>>>

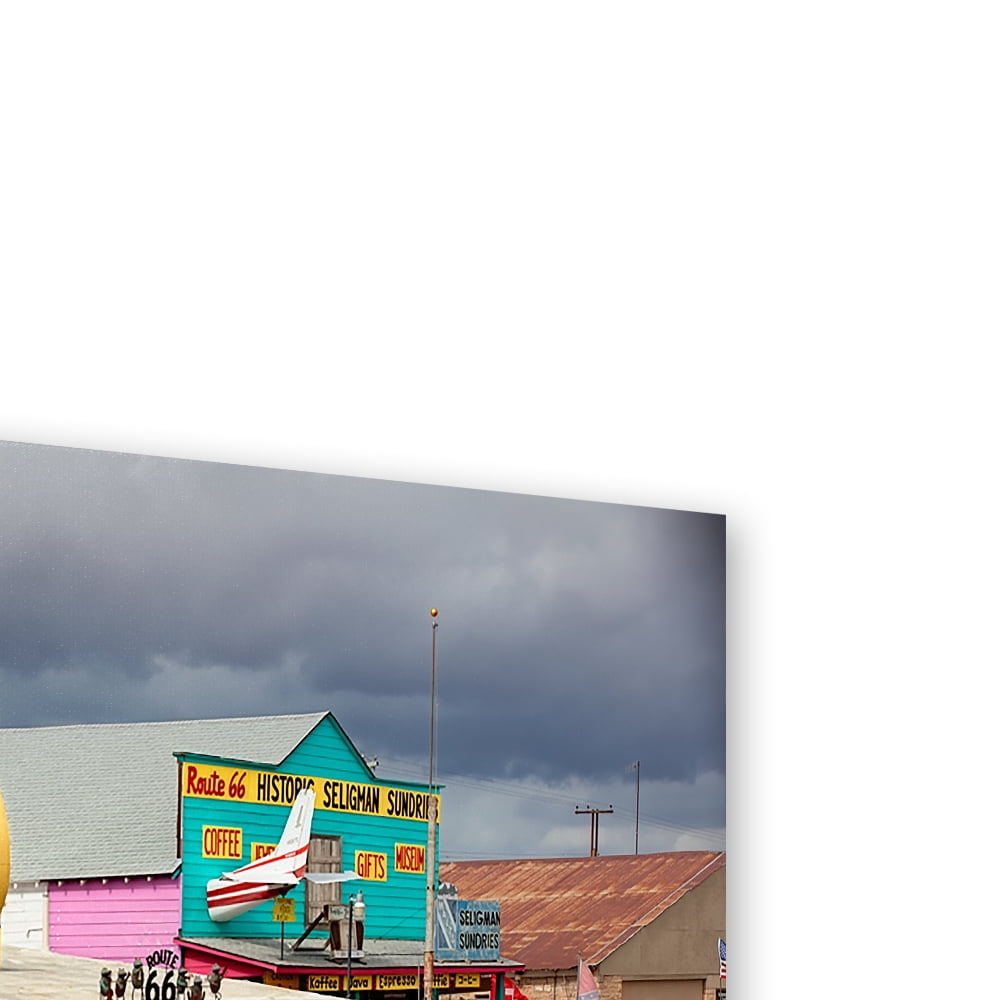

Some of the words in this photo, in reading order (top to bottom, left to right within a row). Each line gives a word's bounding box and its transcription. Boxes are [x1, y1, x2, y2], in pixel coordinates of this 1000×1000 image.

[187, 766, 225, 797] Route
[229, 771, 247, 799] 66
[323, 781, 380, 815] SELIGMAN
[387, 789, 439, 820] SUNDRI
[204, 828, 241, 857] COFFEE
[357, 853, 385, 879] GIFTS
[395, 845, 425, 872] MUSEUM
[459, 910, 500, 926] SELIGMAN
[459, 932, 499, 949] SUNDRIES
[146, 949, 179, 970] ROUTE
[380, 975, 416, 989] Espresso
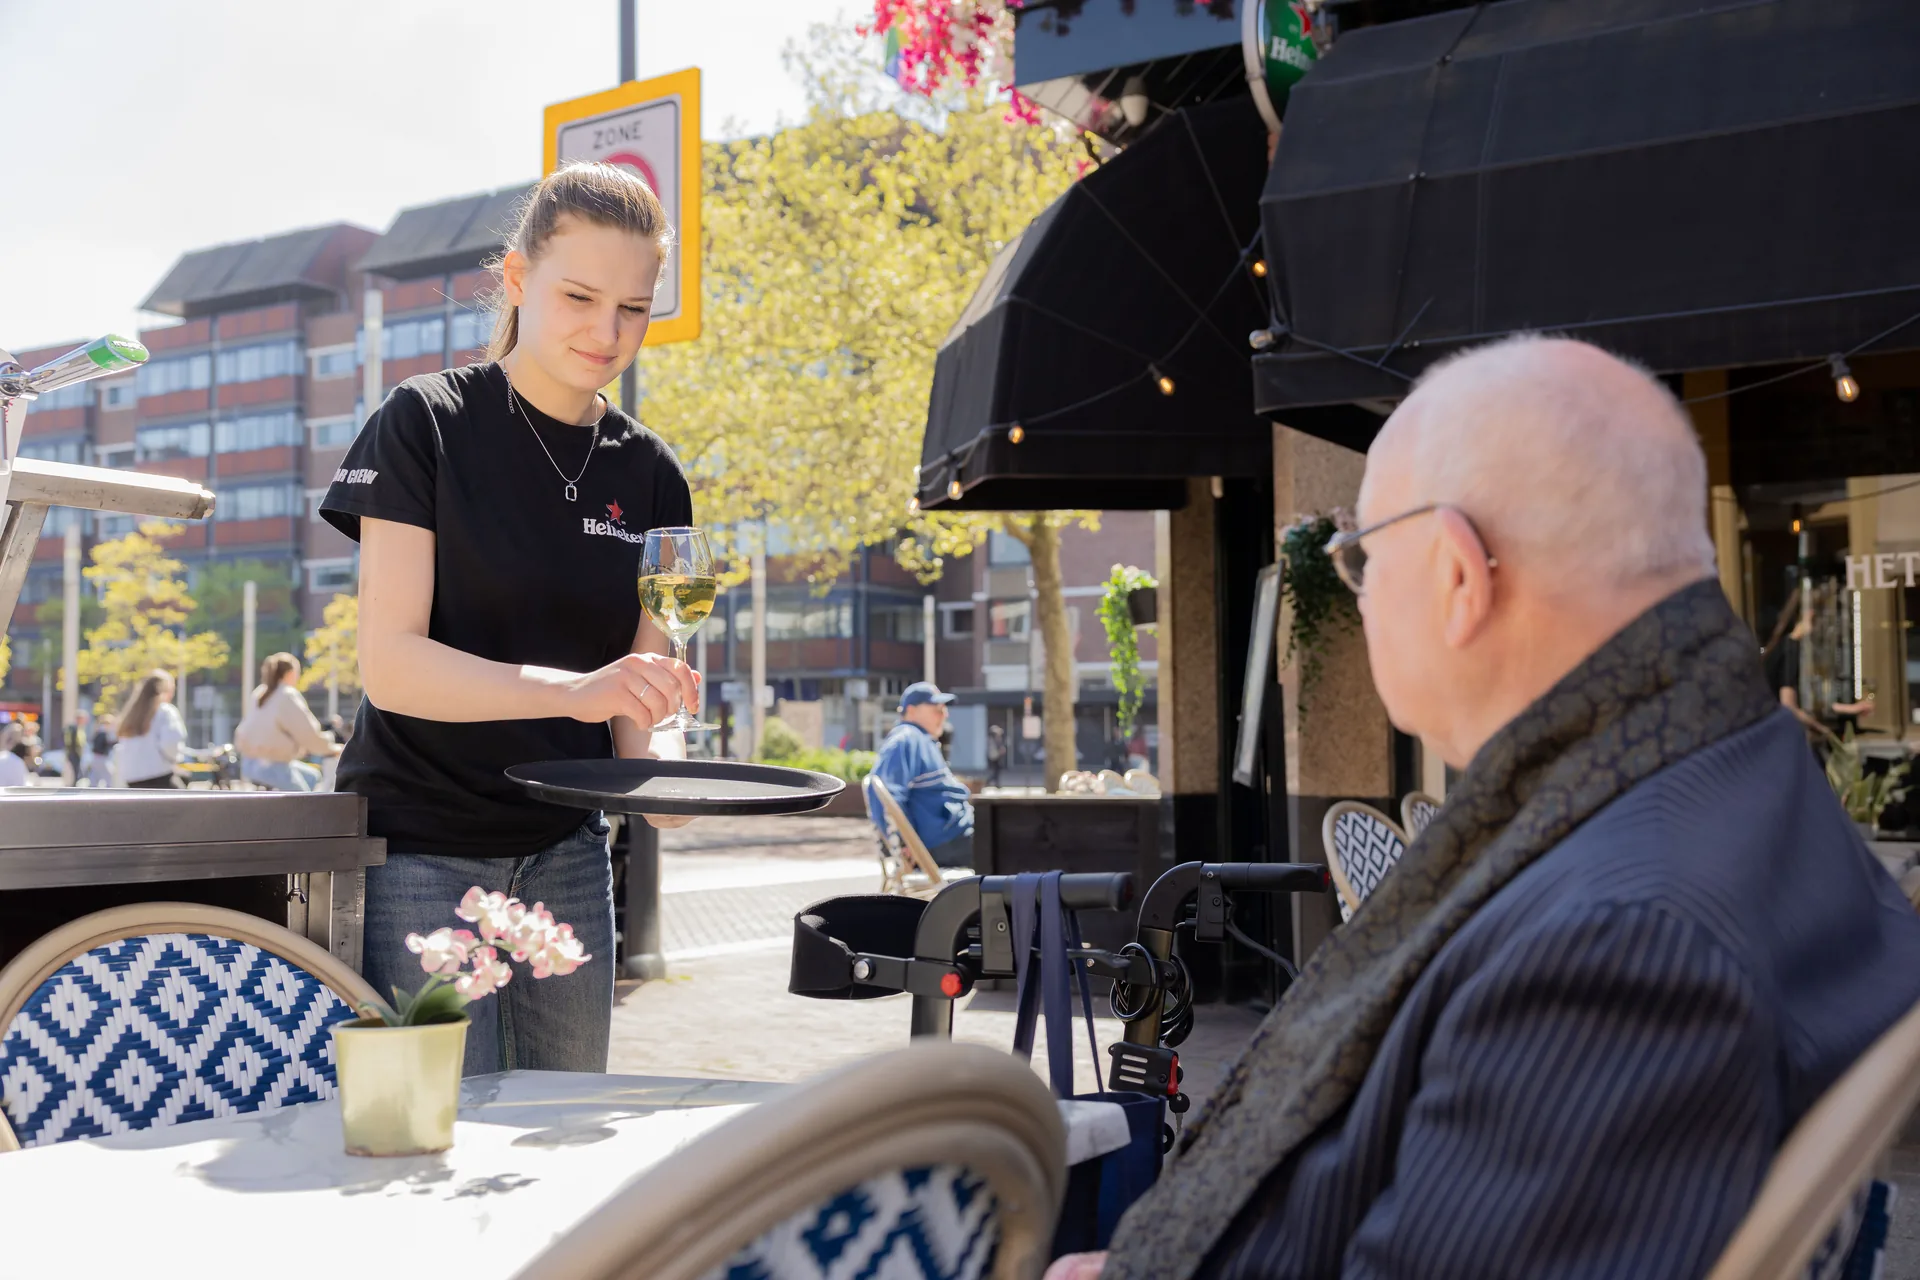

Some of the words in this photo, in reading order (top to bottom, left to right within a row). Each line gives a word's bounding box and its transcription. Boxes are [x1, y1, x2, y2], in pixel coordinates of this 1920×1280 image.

<<<

» YOUR GOAL: From the listing, extract all text exactly as given and drop any picture.

» SOLUTION FOR THIS EXERCISE:
Some of the words in this photo, in reading order (top to bottom, left to right within a row). Each line gives a word's bounding box and its transcription. Boxes are [x1, y1, x2, y2], in pixel coordinates of this 1000×1000 image.

[187, 766, 225, 797] Route
[229, 771, 247, 799] 66
[323, 781, 380, 815] SELIGMAN
[387, 789, 439, 820] SUNDRI
[204, 828, 241, 857] COFFEE
[357, 853, 385, 879] GIFTS
[395, 845, 425, 872] MUSEUM
[459, 910, 500, 926] SELIGMAN
[459, 932, 499, 949] SUNDRIES
[146, 949, 179, 970] ROUTE
[380, 975, 416, 989] Espresso

Some of the words in this photo, in reading order (top to bottom, left to right within a row). Each line gives a word's bounding box and its transcription. Boxes are [x1, y1, x2, y2], in pixel coordinates of this 1920×1280 image.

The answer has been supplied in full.